EXTRACTED RECORDS:
------------------------------

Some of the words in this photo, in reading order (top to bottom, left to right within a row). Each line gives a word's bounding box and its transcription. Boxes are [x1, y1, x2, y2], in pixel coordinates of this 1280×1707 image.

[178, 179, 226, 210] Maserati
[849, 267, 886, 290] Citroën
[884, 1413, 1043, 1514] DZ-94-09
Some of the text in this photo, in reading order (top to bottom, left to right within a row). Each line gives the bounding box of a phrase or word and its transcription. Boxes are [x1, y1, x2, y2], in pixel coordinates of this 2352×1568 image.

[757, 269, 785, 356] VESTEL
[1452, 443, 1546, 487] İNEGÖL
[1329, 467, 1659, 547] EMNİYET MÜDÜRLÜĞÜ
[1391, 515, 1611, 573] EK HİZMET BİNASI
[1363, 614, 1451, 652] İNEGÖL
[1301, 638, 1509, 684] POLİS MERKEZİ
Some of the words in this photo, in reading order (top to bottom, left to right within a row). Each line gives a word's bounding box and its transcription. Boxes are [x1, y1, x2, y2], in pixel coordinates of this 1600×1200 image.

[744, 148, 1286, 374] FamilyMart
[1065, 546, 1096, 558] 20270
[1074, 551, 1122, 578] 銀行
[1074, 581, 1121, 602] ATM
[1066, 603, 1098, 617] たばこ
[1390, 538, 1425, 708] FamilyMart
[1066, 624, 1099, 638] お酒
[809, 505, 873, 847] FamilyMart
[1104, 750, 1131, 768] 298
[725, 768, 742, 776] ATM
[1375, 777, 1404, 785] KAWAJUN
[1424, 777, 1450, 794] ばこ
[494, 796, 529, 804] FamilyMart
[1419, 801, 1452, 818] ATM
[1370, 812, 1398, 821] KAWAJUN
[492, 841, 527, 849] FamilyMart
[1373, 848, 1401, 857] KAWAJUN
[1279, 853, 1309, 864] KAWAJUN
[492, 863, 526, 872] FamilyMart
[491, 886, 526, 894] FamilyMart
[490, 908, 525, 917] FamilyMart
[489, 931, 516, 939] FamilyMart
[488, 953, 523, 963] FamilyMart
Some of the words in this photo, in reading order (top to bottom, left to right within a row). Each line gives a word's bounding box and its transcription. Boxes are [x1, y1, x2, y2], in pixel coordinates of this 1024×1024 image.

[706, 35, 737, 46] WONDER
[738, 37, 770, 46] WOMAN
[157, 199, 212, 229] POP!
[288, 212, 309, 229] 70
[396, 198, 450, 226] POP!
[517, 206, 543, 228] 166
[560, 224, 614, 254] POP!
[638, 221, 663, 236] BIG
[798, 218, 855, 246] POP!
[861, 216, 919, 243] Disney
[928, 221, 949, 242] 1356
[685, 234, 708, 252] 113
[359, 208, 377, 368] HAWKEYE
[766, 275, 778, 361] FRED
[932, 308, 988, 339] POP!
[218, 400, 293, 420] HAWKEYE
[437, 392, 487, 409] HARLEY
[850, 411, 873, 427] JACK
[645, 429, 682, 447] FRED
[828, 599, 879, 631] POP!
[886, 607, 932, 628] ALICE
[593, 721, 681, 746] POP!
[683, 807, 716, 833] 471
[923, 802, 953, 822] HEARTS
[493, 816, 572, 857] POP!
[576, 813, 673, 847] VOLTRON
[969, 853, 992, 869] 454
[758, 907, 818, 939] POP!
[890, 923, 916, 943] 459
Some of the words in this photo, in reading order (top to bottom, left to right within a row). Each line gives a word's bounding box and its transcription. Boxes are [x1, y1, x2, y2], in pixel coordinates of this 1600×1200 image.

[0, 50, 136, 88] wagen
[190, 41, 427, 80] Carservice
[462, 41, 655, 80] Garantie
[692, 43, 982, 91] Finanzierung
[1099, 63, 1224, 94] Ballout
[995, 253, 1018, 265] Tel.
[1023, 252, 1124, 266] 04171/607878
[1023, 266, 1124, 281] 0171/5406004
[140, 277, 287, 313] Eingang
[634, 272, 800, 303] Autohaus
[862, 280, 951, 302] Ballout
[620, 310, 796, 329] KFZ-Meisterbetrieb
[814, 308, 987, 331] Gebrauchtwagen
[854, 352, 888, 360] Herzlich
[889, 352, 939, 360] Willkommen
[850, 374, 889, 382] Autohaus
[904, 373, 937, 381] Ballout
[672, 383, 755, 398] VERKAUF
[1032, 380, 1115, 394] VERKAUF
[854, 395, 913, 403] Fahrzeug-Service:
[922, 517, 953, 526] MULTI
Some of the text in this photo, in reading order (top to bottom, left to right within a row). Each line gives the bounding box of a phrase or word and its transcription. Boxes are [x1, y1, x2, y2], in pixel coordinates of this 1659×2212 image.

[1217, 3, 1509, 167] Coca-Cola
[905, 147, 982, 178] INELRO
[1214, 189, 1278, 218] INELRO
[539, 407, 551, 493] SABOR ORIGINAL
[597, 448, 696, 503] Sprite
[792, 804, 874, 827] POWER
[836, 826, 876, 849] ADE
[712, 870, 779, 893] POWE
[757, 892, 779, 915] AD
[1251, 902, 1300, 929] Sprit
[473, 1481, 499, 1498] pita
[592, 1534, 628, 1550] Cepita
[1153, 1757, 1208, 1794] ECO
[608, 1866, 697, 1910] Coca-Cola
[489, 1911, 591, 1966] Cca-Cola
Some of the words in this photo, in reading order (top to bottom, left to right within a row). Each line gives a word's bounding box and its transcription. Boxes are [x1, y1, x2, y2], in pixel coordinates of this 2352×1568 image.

------------------------------

TASK PROMPT:
What you should produce is an exact restatement of all the material.

EXERCISE RESULT:
Some of the words in this photo, in reading order (top to bottom, left to right within a row). Each line gives a word's bounding box and its transcription. Boxes are [x1, y1, x2, y2], in pixel coordinates of this 1280×1707 image.

[178, 179, 226, 210] Maserati
[849, 267, 886, 290] Citroën
[884, 1413, 1043, 1514] DZ-94-09
Some of the text in this photo, in reading order (top to bottom, left to right within a row). Each line gives the bounding box of a phrase or word and its transcription. Boxes are [x1, y1, x2, y2], in pixel coordinates of this 2352×1568 image.

[757, 269, 785, 356] VESTEL
[1452, 443, 1546, 487] İNEGÖL
[1329, 467, 1659, 547] EMNİYET MÜDÜRLÜĞÜ
[1391, 515, 1611, 573] EK HİZMET BİNASI
[1363, 614, 1451, 652] İNEGÖL
[1301, 638, 1509, 684] POLİS MERKEZİ
Some of the words in this photo, in reading order (top to bottom, left to right within a row). Each line gives a word's bounding box and its transcription. Boxes are [x1, y1, x2, y2], in pixel coordinates of this 1600×1200 image.

[744, 148, 1286, 374] FamilyMart
[1065, 546, 1096, 558] 20270
[1074, 551, 1122, 578] 銀行
[1074, 581, 1121, 602] ATM
[1066, 603, 1098, 617] たばこ
[1390, 538, 1425, 708] FamilyMart
[1066, 624, 1099, 638] お酒
[809, 505, 873, 847] FamilyMart
[1104, 750, 1131, 768] 298
[725, 768, 742, 776] ATM
[1375, 777, 1404, 785] KAWAJUN
[1424, 777, 1450, 794] ばこ
[494, 796, 529, 804] FamilyMart
[1419, 801, 1452, 818] ATM
[1370, 812, 1398, 821] KAWAJUN
[492, 841, 527, 849] FamilyMart
[1373, 848, 1401, 857] KAWAJUN
[1279, 853, 1309, 864] KAWAJUN
[492, 863, 526, 872] FamilyMart
[491, 886, 526, 894] FamilyMart
[490, 908, 525, 917] FamilyMart
[489, 931, 516, 939] FamilyMart
[488, 953, 523, 963] FamilyMart
Some of the words in this photo, in reading order (top to bottom, left to right within a row). Each line gives a word's bounding box and its transcription. Boxes are [x1, y1, x2, y2], in pixel coordinates of this 1024×1024 image.

[706, 35, 737, 46] WONDER
[738, 37, 770, 46] WOMAN
[157, 199, 212, 229] POP!
[288, 212, 309, 229] 70
[396, 198, 450, 226] POP!
[517, 206, 543, 228] 166
[560, 224, 614, 254] POP!
[638, 221, 663, 236] BIG
[798, 218, 855, 246] POP!
[861, 216, 919, 243] Disney
[928, 221, 949, 242] 1356
[685, 234, 708, 252] 113
[359, 208, 377, 368] HAWKEYE
[766, 275, 778, 361] FRED
[932, 308, 988, 339] POP!
[218, 400, 293, 420] HAWKEYE
[437, 392, 487, 409] HARLEY
[850, 411, 873, 427] JACK
[645, 429, 682, 447] FRED
[828, 599, 879, 631] POP!
[886, 607, 932, 628] ALICE
[593, 721, 681, 746] POP!
[683, 807, 716, 833] 471
[923, 802, 953, 822] HEARTS
[493, 816, 572, 857] POP!
[576, 813, 673, 847] VOLTRON
[969, 853, 992, 869] 454
[758, 907, 818, 939] POP!
[890, 923, 916, 943] 459
Some of the words in this photo, in reading order (top to bottom, left to right within a row). Each line gives a word's bounding box and its transcription. Boxes are [x1, y1, x2, y2], in pixel coordinates of this 1600×1200 image.

[0, 50, 136, 88] wagen
[190, 41, 427, 80] Carservice
[462, 41, 655, 80] Garantie
[692, 43, 982, 91] Finanzierung
[1099, 63, 1224, 94] Ballout
[995, 253, 1018, 265] Tel.
[1023, 252, 1124, 266] 04171/607878
[1023, 266, 1124, 281] 0171/5406004
[140, 277, 287, 313] Eingang
[634, 272, 800, 303] Autohaus
[862, 280, 951, 302] Ballout
[620, 310, 796, 329] KFZ-Meisterbetrieb
[814, 308, 987, 331] Gebrauchtwagen
[854, 352, 888, 360] Herzlich
[889, 352, 939, 360] Willkommen
[850, 374, 889, 382] Autohaus
[904, 373, 937, 381] Ballout
[672, 383, 755, 398] VERKAUF
[1032, 380, 1115, 394] VERKAUF
[854, 395, 913, 403] Fahrzeug-Service:
[922, 517, 953, 526] MULTI
Some of the text in this photo, in reading order (top to bottom, left to right within a row). Each line gives the bounding box of a phrase or word and its transcription. Boxes are [x1, y1, x2, y2], in pixel coordinates of this 1659×2212 image.

[1217, 3, 1509, 167] Coca-Cola
[905, 147, 982, 178] INELRO
[1214, 189, 1278, 218] INELRO
[539, 407, 551, 493] SABOR ORIGINAL
[597, 448, 696, 503] Sprite
[792, 804, 874, 827] POWER
[836, 826, 876, 849] ADE
[712, 870, 779, 893] POWE
[757, 892, 779, 915] AD
[1251, 902, 1300, 929] Sprit
[473, 1481, 499, 1498] pita
[592, 1534, 628, 1550] Cepita
[1153, 1757, 1208, 1794] ECO
[608, 1866, 697, 1910] Coca-Cola
[489, 1911, 591, 1966] Cca-Cola
Some of the words in this photo, in reading order (top to bottom, left to right within a row). Each line gives a word's bounding box and its transcription. Boxes are [x1, y1, x2, y2], in pixel coordinates of this 2352×1568 image.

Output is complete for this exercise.